これでこの日のプログラムは全て終わり、アンコールはピアソラのリベルタンゴだったそうです。 リベルタンゴは、本来プログラムのトリに持ってきてもいいような聴き応えのある曲ですが、今回はこれをアンコール曲にしたそうです。この日のプログラムでは最も難しい曲だったとか…。おっちゃんの感想としては「美野ちゃんの超絶技巧が効いて、オリジナルのピアソラの演奏よりずっとスリリングな仕上がりになったんちゃうかなあ」とのことでした。これもまた、生で聴いてみたかったですね〜。会場に足を運べた皆さんは、本当にラッキーでしたね♪

こうして無事に終わったあと、やれやれ…と楽屋で着替えてたら「懇談会があるので、急いでロビーへ来てくださいっ!」との声がして、バタバタとロビーへ出て行ったそうです。おっちゃんたちは全く聞かされてなかったようなので驚いたみたいですが、こうして、今の今までステージ上で素晴らしい演奏を聴かせてくれてたミュージシャンと興奮の冷めやらない聴衆が、こんな間近で話せる機会があるっていうのはいいことですよね〜?

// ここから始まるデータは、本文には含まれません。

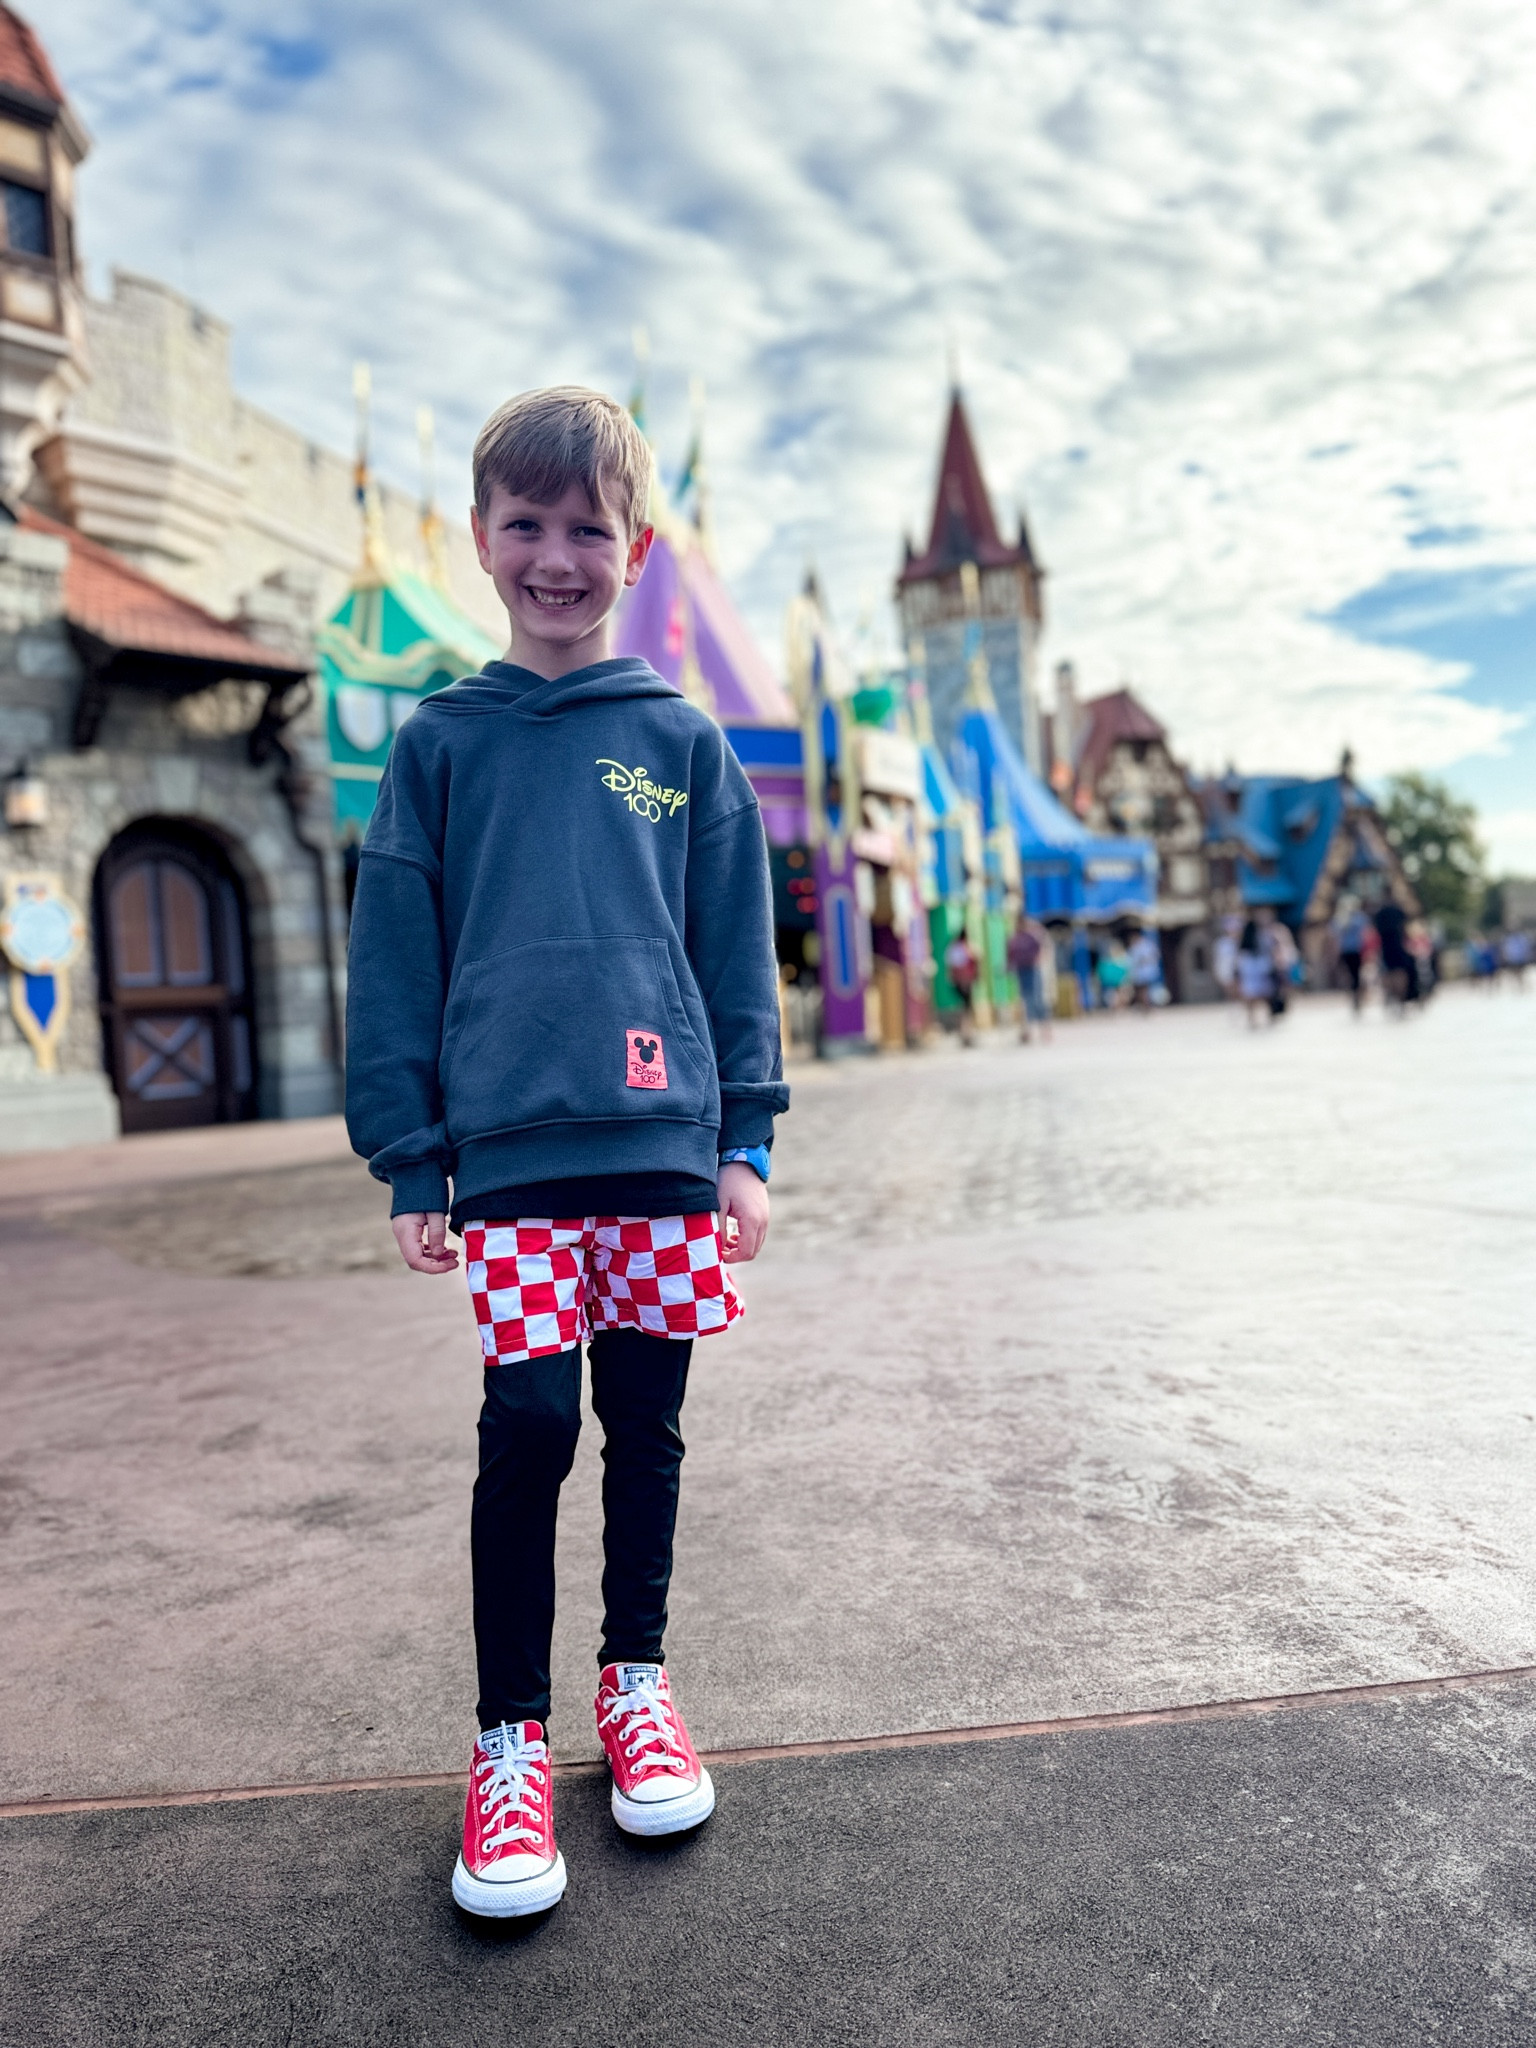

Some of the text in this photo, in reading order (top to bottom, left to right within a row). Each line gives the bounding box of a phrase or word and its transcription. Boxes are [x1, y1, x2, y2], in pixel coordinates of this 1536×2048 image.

[595, 758, 688, 818] Disney
[623, 792, 661, 823] 100
[640, 1075, 656, 1084] 100
[626, 1674, 637, 1686] ALL
[483, 1727, 514, 1740] CONVESE
[499, 1735, 516, 1750] SAR

これは、会場に聴きに行ってた方が撮って送ってくれた、ロビーでの座談会の様子です。カーソルを乗せると、違うアングルからの様子が見えますよ。

実は、その方のお子さんが撮ったとのことですが、子供の目線ってことで、かえって普段の私たちとは違った面白さが出て、いい写真でしょ? 演奏者と聴衆が膝を突き合わせての楽しい座談会の様子がよく分かりますね♪


そこでは、子供たちからは「どうすればスタジオミュージシャンになれますか?」など、色んな質問があったそうですよ。おっちゃんは「うちのHPにも書いてあるけど…」みたいに話してたらしいので、もしかしたら、あのときの子供たちがこのリポートなんかも読んでくれてるかもしれませんね。こういった座談会はおっちゃんにとっても初めての経験のようで、「なかなか面白かったわ♪」と、嬉しそうに話してました。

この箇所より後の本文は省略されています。